Murdoch had stood on the edges of rings like this more times than he could remember, and in some funny places, but the curious drama of a two-up ring at night was never lost on him. Perhaps it was just the light that so palely gilded the two circles of disembodied faces, of the men kneeling at the ringside and of the men standing behind them. Perhaps it was the faces themselves, all naked expression without a visible body to water them down. He found himself thinking, as he had done a hundred times before, If I make a killing tonight I’ll be damn careful getting away from the ring and back to the camp!
Novikowsky stood staring round the ring, listening to the babble of talk and betting, only half understanding it. On the way across from Riverslake, walking along the dark road between the lucerne paddocks, Murdoch had patiently explained as much as he was able of the game; now a quiet smile wreathed the Pole’s lips as he remembered the earnestness Murdoch had put into it, the pauses while he searched for words to make his meaning clear.
The only friend I have made in a year and a half amongst the Australians, he mused, the smile deepening into bitterness. And he one who talks only of drink and women and gambling. God! I am a stranger yet!
Staring straight ahead of him, h
e became aware of a small skinny man in a grimy singlet who squatted on the opposite side of the ring, his hands red with the red dust of the hillside, his eyes black and button-bright with inquiry in the light of the lamp. A wet, foul butt drooped from one end of his mouth. He spoke round it, looking straight at Novikowsky.
“Ten bob he tails ’em!” he intoned, the butt wagging raffishly as he spoke. “I got ten bob to say he tails ’em—ten bob the micks!” He raised his brows and waved the note in his hand.
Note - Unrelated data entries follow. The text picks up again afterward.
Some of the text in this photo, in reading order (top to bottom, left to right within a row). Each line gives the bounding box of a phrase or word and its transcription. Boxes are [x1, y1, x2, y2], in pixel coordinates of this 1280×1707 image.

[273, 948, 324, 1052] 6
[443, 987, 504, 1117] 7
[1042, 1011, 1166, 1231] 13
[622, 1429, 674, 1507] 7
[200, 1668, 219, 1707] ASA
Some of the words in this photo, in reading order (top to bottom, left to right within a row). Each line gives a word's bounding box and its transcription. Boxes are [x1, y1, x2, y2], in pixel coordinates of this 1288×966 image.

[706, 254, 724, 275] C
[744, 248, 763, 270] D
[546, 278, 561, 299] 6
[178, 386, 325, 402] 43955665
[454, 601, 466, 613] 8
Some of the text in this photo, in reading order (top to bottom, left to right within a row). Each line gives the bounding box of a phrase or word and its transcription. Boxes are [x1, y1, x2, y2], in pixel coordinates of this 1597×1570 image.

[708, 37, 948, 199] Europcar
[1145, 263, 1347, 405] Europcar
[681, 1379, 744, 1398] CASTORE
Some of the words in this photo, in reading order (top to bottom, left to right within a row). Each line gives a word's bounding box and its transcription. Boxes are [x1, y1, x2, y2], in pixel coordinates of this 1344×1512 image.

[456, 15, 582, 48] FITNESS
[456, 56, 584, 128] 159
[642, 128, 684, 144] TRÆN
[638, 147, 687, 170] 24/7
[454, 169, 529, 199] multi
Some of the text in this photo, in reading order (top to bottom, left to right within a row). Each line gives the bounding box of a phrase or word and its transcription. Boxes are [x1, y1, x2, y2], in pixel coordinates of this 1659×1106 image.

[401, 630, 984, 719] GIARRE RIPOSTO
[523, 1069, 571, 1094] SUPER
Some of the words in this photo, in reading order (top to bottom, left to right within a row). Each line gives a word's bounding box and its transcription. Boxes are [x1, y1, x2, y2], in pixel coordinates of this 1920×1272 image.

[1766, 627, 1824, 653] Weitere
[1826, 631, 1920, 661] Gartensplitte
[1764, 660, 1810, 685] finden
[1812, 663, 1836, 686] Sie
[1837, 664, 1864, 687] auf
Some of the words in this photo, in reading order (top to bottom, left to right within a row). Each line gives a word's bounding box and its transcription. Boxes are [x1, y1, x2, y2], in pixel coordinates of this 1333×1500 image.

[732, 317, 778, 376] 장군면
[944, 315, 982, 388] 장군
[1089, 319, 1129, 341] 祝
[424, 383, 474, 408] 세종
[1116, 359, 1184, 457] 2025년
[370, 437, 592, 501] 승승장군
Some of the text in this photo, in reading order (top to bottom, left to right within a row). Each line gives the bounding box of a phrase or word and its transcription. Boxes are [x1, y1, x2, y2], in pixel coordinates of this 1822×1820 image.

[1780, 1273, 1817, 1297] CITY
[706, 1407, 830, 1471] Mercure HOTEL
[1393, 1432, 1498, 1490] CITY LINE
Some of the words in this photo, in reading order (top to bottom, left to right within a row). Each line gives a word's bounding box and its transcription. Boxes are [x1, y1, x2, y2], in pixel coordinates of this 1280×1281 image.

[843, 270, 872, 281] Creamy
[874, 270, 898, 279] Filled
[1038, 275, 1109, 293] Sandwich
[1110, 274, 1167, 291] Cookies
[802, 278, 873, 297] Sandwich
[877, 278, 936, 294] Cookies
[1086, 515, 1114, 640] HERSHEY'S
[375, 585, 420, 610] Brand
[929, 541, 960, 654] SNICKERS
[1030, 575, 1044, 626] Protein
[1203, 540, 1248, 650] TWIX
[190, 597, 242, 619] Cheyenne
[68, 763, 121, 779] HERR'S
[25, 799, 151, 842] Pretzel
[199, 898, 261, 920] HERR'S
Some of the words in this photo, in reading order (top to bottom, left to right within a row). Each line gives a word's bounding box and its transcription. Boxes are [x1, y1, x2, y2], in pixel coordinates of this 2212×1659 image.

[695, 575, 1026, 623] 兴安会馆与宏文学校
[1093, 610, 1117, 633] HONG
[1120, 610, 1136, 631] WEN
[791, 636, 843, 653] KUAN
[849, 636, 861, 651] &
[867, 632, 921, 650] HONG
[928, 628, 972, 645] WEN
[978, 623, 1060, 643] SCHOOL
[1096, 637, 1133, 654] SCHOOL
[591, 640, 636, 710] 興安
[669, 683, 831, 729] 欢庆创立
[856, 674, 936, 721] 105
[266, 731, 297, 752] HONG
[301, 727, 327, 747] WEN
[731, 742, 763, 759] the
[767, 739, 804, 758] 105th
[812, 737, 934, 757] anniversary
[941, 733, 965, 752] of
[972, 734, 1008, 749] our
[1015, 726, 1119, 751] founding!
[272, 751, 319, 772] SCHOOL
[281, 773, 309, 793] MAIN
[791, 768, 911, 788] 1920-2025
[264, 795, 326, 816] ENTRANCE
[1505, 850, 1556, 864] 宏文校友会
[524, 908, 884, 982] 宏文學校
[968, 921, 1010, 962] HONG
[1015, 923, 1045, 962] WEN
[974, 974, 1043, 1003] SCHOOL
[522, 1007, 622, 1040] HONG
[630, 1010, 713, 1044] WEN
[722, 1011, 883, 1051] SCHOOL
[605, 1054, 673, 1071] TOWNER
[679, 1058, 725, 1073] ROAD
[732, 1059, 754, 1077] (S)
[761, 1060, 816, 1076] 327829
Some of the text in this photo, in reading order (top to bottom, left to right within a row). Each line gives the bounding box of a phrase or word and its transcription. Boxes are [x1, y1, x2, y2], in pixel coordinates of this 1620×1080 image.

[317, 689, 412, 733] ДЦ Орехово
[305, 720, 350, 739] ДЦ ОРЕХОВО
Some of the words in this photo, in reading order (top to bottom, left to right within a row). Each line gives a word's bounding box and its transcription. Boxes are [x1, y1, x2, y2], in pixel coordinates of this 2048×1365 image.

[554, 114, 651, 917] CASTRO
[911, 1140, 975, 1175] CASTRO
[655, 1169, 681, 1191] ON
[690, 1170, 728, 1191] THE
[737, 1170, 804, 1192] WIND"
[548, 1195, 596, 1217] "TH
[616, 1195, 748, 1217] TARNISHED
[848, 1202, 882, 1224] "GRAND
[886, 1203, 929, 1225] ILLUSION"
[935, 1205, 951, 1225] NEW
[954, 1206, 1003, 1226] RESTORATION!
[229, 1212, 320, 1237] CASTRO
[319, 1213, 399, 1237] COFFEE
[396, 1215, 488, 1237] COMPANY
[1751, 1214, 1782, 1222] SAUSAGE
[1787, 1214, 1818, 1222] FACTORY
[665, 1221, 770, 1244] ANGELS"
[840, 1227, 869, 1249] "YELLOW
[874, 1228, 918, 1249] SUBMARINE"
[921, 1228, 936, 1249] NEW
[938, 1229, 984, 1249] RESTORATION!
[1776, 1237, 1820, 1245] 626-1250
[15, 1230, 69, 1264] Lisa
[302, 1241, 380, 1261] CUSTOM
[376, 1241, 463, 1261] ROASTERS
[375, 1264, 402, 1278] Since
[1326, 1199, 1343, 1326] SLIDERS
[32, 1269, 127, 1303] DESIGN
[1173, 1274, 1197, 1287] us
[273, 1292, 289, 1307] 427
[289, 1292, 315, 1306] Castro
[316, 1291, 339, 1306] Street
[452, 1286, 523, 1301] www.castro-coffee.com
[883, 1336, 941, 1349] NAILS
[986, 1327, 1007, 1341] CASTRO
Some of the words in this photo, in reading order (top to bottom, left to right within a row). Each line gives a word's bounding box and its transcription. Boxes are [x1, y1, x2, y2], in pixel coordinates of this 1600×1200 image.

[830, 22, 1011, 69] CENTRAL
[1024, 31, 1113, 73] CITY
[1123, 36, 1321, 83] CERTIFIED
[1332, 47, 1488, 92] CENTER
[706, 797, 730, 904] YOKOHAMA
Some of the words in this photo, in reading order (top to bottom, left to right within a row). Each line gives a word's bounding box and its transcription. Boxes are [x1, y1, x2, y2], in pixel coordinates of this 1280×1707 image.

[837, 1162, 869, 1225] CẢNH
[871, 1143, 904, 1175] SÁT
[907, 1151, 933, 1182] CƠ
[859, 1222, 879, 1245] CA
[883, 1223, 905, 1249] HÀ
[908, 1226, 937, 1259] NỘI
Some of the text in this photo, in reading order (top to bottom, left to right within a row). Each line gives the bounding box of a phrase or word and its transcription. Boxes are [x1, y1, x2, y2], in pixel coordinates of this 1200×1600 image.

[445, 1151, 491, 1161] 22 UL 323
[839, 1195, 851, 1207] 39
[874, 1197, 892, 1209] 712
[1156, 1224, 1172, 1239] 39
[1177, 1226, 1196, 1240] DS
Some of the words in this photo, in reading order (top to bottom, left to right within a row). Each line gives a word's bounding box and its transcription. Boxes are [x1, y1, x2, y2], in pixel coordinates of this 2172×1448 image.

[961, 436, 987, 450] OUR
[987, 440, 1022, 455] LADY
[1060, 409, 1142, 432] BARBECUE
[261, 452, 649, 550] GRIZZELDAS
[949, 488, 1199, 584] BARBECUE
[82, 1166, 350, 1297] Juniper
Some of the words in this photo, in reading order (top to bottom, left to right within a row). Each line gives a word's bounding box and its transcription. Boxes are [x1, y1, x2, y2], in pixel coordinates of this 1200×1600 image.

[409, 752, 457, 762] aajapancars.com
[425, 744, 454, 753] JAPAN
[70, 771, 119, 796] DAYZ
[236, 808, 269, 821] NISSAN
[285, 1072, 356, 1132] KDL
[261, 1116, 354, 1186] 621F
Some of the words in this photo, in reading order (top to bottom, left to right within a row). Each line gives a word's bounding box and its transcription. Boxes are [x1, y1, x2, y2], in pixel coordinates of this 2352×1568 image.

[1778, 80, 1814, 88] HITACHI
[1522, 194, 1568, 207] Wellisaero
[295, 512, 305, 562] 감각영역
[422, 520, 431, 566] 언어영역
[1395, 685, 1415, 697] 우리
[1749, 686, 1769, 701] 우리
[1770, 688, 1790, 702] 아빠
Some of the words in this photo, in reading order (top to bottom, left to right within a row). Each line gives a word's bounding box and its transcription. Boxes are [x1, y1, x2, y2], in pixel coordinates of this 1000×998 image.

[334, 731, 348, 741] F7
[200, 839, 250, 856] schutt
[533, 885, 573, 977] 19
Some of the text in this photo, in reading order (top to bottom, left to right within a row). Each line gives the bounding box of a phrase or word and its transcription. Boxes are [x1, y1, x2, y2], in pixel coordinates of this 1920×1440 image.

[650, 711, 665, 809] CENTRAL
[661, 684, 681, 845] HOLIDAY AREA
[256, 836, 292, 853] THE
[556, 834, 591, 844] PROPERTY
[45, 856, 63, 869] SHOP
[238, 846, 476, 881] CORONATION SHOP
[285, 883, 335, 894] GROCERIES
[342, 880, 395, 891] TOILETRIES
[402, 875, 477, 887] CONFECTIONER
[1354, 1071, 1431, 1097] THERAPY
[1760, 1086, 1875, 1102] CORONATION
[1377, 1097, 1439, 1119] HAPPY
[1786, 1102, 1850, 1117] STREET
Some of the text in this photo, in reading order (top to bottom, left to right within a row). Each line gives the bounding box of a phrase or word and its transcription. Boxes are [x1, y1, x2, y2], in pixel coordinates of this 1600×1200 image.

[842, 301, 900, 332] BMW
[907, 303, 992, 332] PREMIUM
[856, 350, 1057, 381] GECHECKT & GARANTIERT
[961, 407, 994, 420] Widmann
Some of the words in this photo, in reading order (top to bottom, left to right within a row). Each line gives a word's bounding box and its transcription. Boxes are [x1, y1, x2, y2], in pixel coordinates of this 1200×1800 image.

Novikowsky, as though he had been doing it for years, slowly peeled a note from the thin roll he had in his hand and tossed it across to the other side of the ring.
“Set,” he said, as he had heard others say. Murdoch, standing beside him, grinned.
The pennies flickered in the air like moths. The ring-keeper’s mate stooped over them where they lay on the ground and sang out, “Heads! Heads are right!” The thin man smoothed out the notes on the ground in front of him and looked up at Novikowsky.
“Double up?”
“Sure, double up,” Novikowsky said.
He won that bet, too, and a lot more. When the spin worked round to him, he turned to Murdoch with a lift of his shoulders. It said all that he wanted to say without his opening his mouth. Murdoch took a quick look at the roll of notes in the Pole’s hand. His eyes opened wide in surprise—without searching for them, he could see at least three five-pound notes.
“Yeah!” he ejaculated. “You get in there, an’ spin, for God’s sake. You got plenty!”
“How much I spin for?” Novikowsky demanded. By now, most of the side betters were set, and there was not much noise around the ring. Everybody was looking at them, waiting for the new spinner to come in. “Ten bob, is enough?”
The ring-keeper looked them over impersonally.
“Come on, gents,” he said, softly. He was a big hulk of a man, built like a church and dressed in a clean white singlet that advertised the fact. He could afford to talk softly and call the animals round the ring gents. In that company, he would need to be able to back it up. “Come on,” he said again. “Make up your mind, digger—a good game’s a fast game. Spin if you’re going to.”